Today was a different day. It was quiet and calm. It felt much more peaceful. Our friend was awake with a smile on her face and eager to go home. She was talkative and lucid and recounted details to us of the man being beaten again last night when there were fewer staff. The priest was gone when we got there. The man was sitting up in bed and eating a snack. And the empty-eyed man was apologizing for the previous day. My sweet friend sat with both of these men, hearing parts of their stories. The man who was beaten said he remembered us, but for the most part did not make sense when he was speaking. The other man who had urged us to leave, told of how his step-mother beat him and cause him great mental disturbance. His father who cares for him, he is very close with, and asked my friend the psychologist if she could come back later to meet him. Without hesitating, she agreed to come back on her own time after work.

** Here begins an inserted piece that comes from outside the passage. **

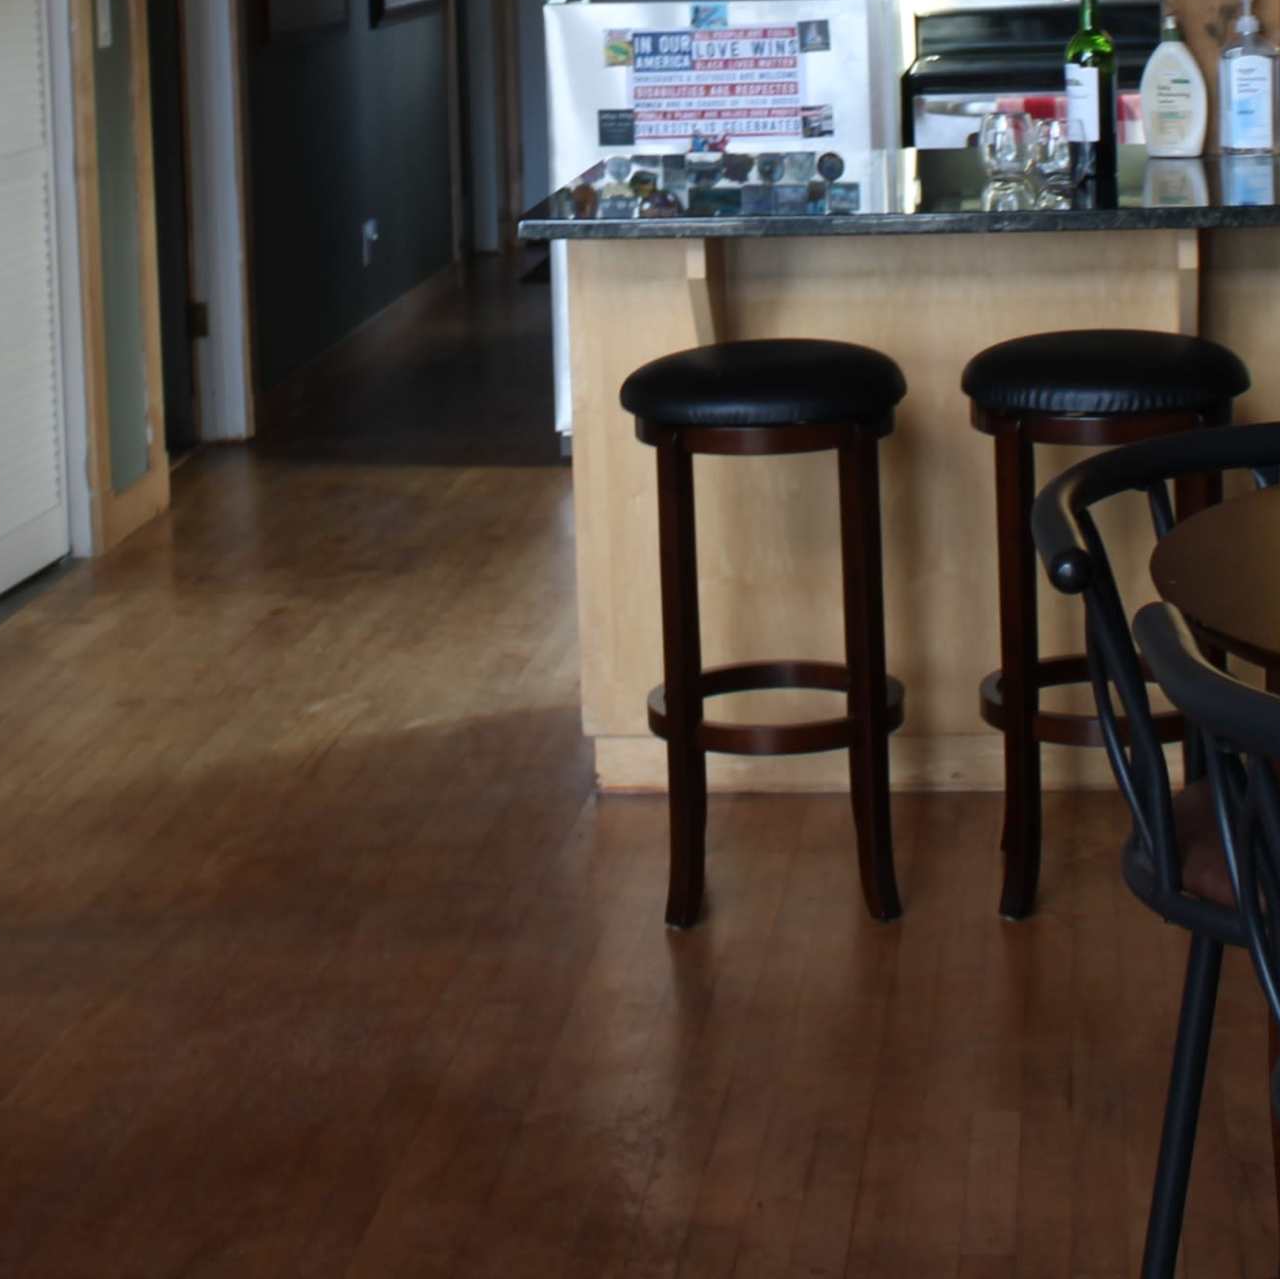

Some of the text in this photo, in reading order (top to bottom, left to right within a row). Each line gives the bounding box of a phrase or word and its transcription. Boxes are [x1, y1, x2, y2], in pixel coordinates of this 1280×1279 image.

There was no doubt the enemy was at work, but as I asked the Father after we left the hospital the first day, to use the events to his glory and to be every present in that room, and to drive out all evil sp*rits. It was so dark that day, I wasn’t sure what was going to become of it when we returned. But the Father is faithful. He opened hearts, he turned a dark place to a place of peace, and he opened up opportunities for relationships. As always, it is HE who prevails.